From identity management to third-party certifications, the right technology partner should make security easier to manage. Here are the three building blocks that fleet managers need to stay in control as connected systems scale.
The modern car is no longer a standalone asset, but a rolling digital network. By 2030, 95% of all vehicles sold will be connected, underscoring the need for active cybersecurity planning.
We spoke with Sean Herron, chief information security officer at Samsara, to learn how fleet managers can prepare for a cyber threat before one hits.
Begin With Identity Management
As fleet technology continues to advance, it also introduces new blind spots that fleet managers have never dealt with before. A common weak point is identity management.
“Shared credentials, password-based logins on shared devices, API tokens that were never revoked after a vendor relationship ended — these are the kinds of things that create real exposure. And a lack of audit logging creates hidden exposures that overstretched IT teams often miss until a breach occurs,” explained Herron.
Fleet managers need to actively manage users on all connected vehicle systems to reduce risk and any potential access points. Organizations often scale their systems without scaling their governance, and that increases their vulnerability to a cybersecurity breach.
For cost-constrained fleets, Herron recommends prioritizing dual-value investments, such as automated user lifecycle management via SCIM provisioning and comprehensive audit logging.
Dual value investments are strategic investments meant to support AI- adoption and broader data-driven decision-making. Examples include process and product integration, and data infrastructure and governance.
“Don't build for security in a vacuum. Start with the controls that drive efficiency, then expand,” he added.
As with much of the world of fleet, the key, as Herron puts it, is in the partnership between the vendor and your fleet IT team. The vendors provide the digital infrastructure, and the IT team actively configures and monitors those controls.
Herron notes that when IT teams treat vendor platforms as a “set and forget” solution, it increases risk. The infrastructure only works if the IT team actively utilizes it.
How Do I Identify a Breach?
To identify a disruption in a system, you will first need real-time system health monitoring.
This visibility allows you to respond to threats as they arise, rather than after the fact.
“The real value lies in pairing health data with activity log analysis,” he added. If a disruption is accompanied by unusual configuration changes, unexpected permission modifications, or access patterns that don't fit normal behavior, those are signals that point toward a security issue rather than a simple technical failure.”
He also notes that a legitimate platform-wide outage looks different from a localized anomaly, so being familiar with how your system looks under normal conditions is central to identifying unusual occurrences.
Three Non-Negotiables
Herron has three non-negotiables for safeguarding connected fleets:
- Access Governance. SSO with SAML or OAuth, role-based permissions, and automated user lifecycle management to ensure users are provisioned and deprovisioned correctly. Without this, every new integration or new user is an unmanaged risk.

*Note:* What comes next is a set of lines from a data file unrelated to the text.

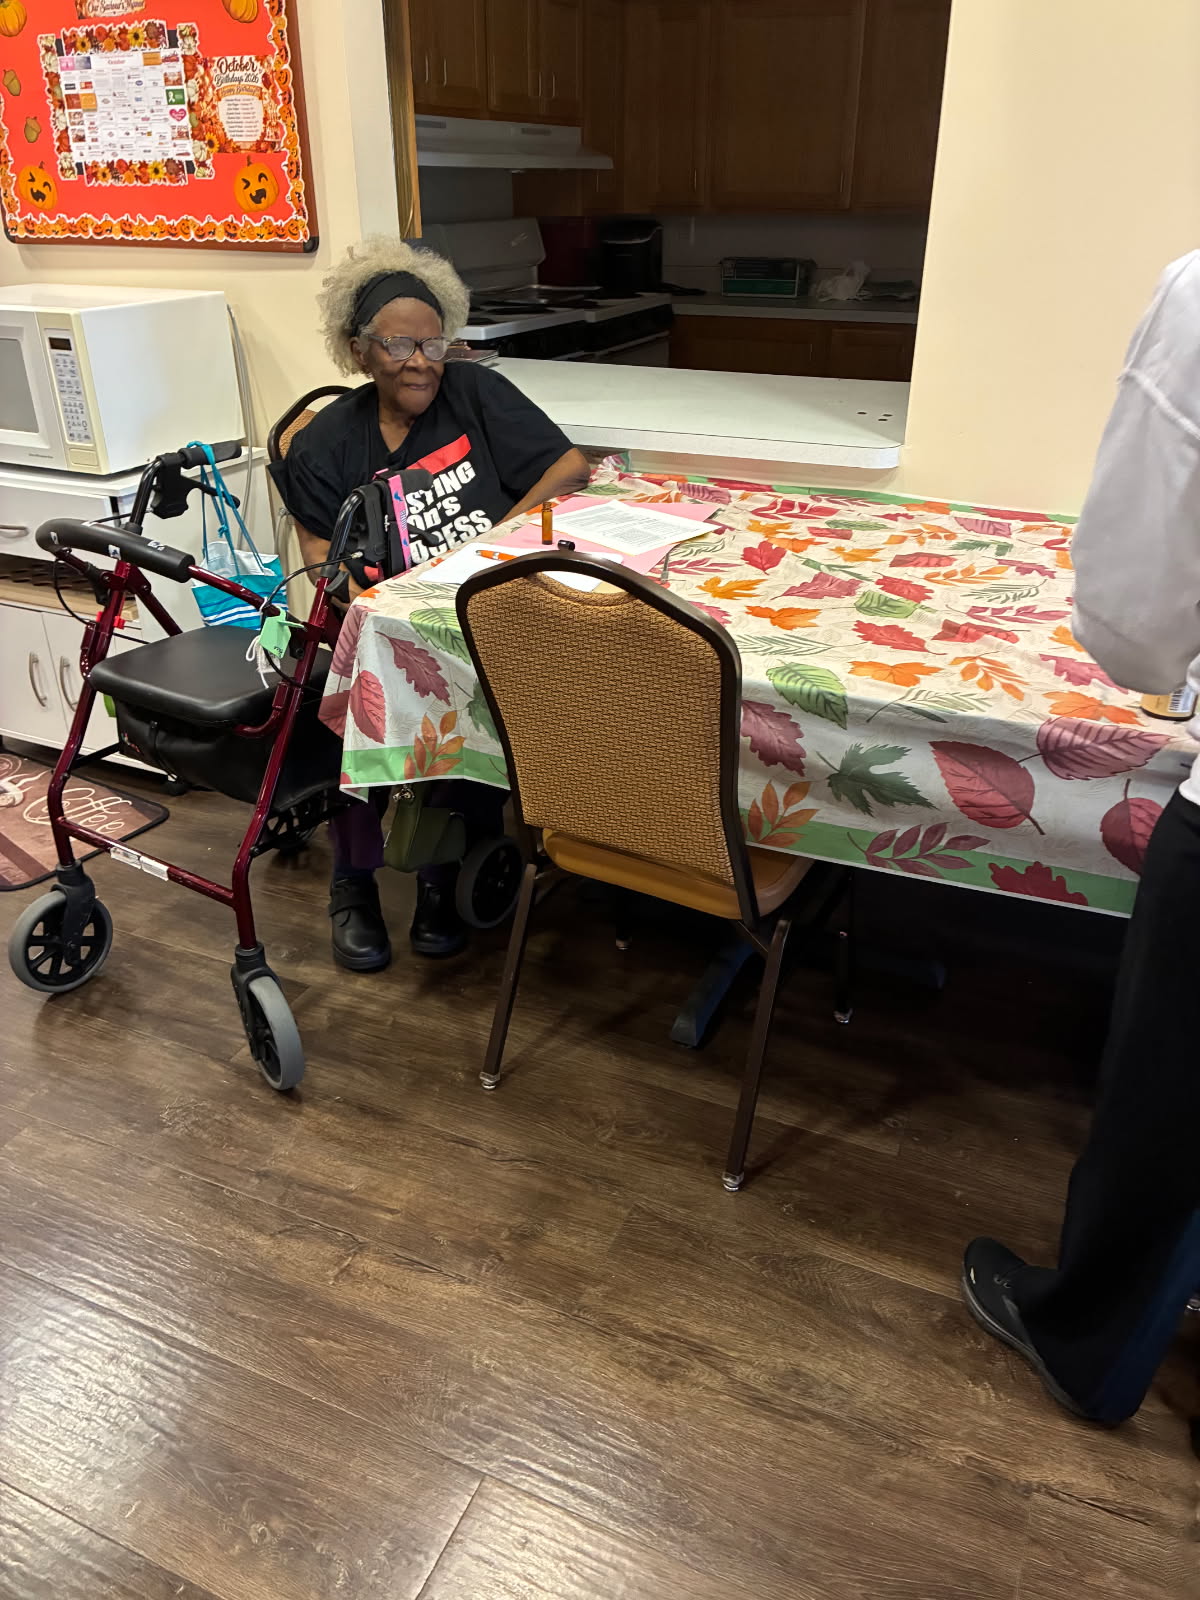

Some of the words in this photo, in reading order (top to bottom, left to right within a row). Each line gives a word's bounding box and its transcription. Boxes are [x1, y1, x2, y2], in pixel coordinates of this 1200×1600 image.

[217, 56, 257, 75] October
[405, 461, 476, 515] STING
[407, 496, 462, 538] OD'S
[410, 509, 493, 565] OCESS
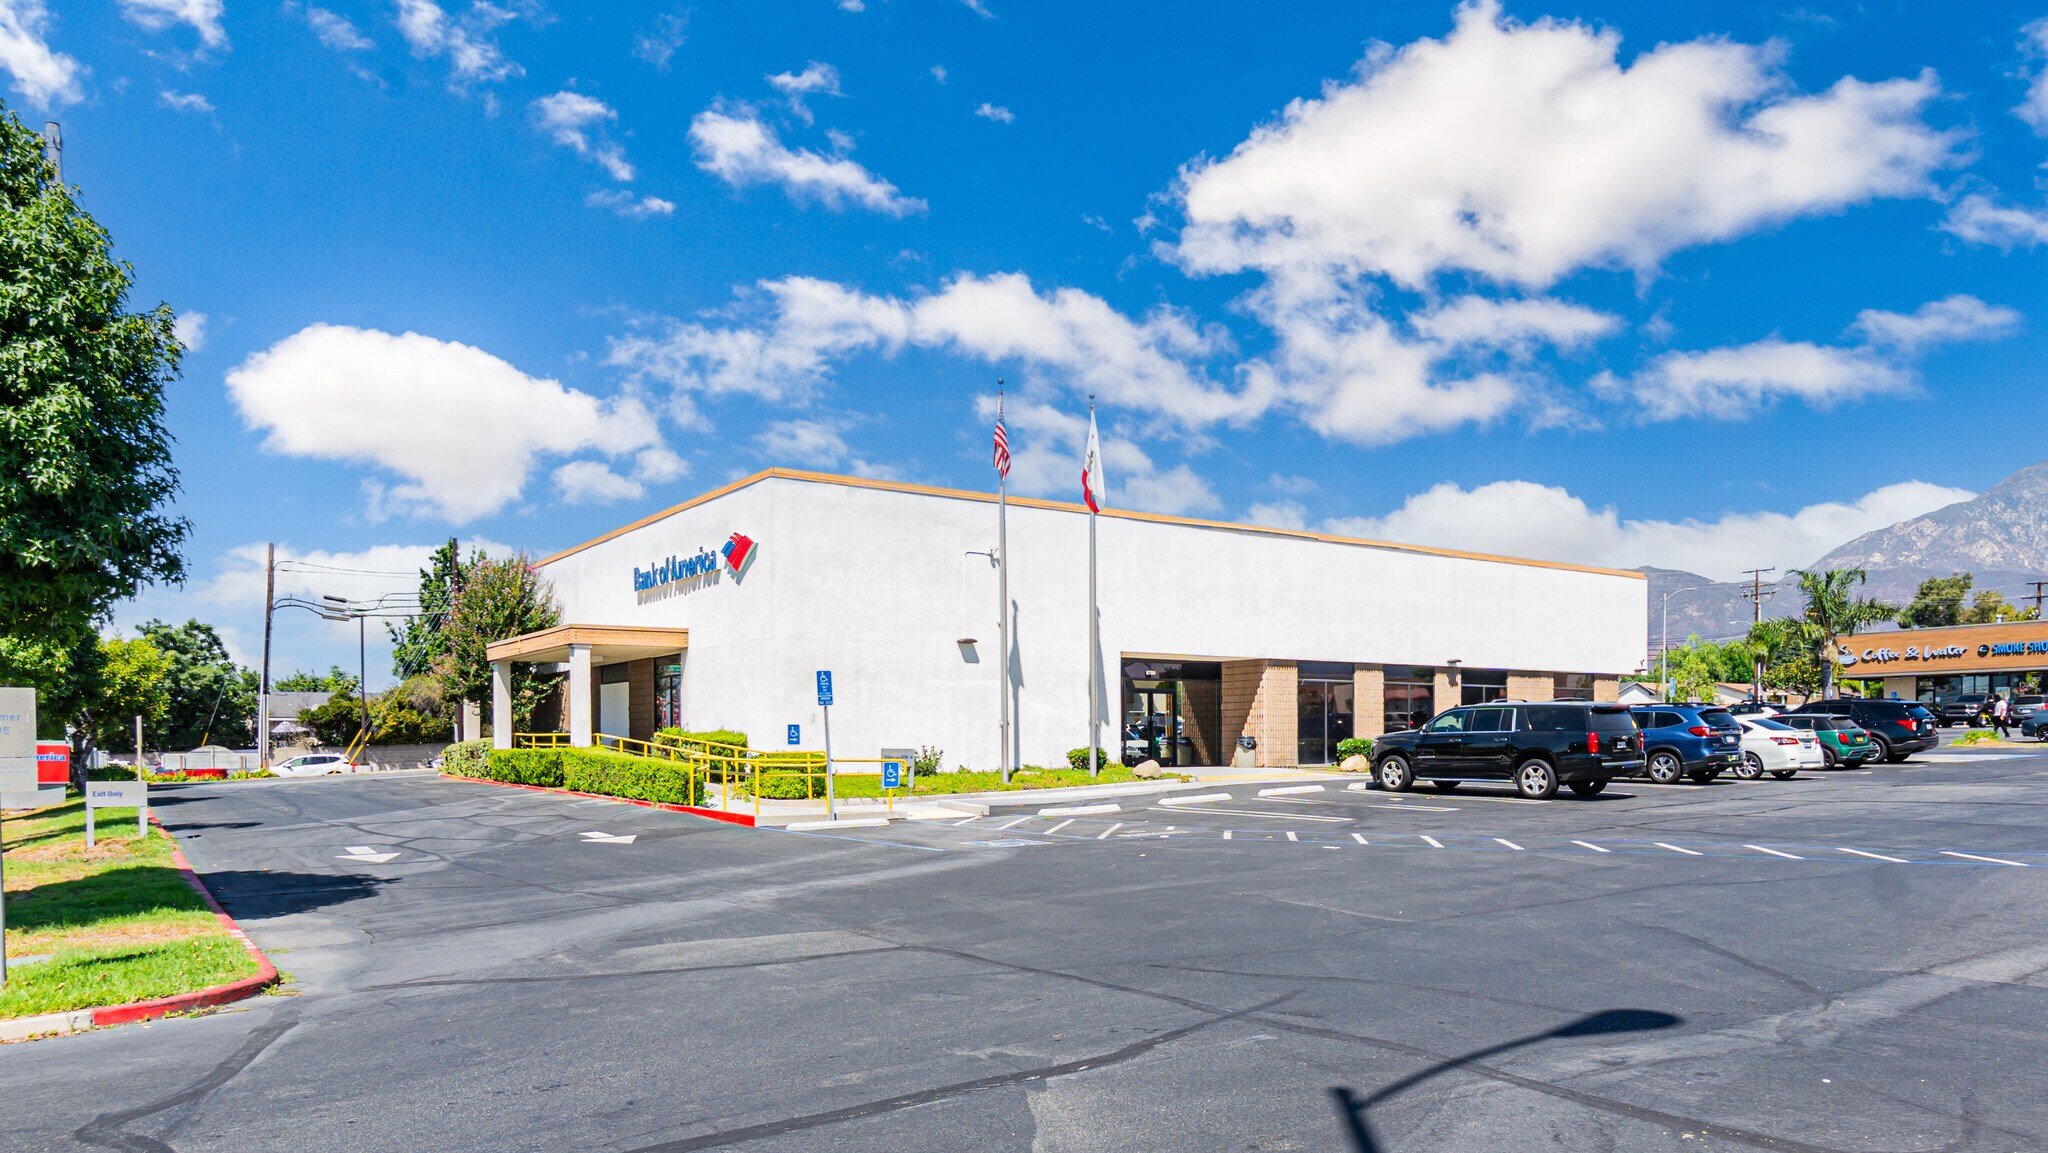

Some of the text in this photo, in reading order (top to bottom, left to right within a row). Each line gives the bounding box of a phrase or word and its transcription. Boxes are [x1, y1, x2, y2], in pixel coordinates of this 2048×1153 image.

- Data Security. Encryption is only the starting point. You must govern data egress: knowing exactly what leaves the platform, where it goes, and who has access to it. Clear data retention policies and export governance controls are vital for maintaining ownership of your data.
- Auditability. You need to be able to answer "who did what, when, and what changed” not just for compliance, but for your own operational awareness. If you can't trace configuration changes with before-and-after detail, you're flying blind during an incident.
Heron recommends asking vendors for proof of security. You want to see independent third-party validation. SOC 2 Type II and ISO 27001 are the baseline standards for data security in telematics and connected systems.
As AI becomes a global standard, you want to ensure the vendor also uses the ISO 42001 framework for AI governance.
ISO 42001 is the world’s first AI management system standard, providing valuable guidance for this rapidly changing field of technology. It addresses the unique challenges AI poses, such as ethical considerations, transparency, and continuous learning.
Aside from that, Herron recommends that fleet managers scrutinize their access management systems, keeping the non-negotiables in mind.
"A platform that makes governance hard will become a liability regardless of how good its uptime is," he added.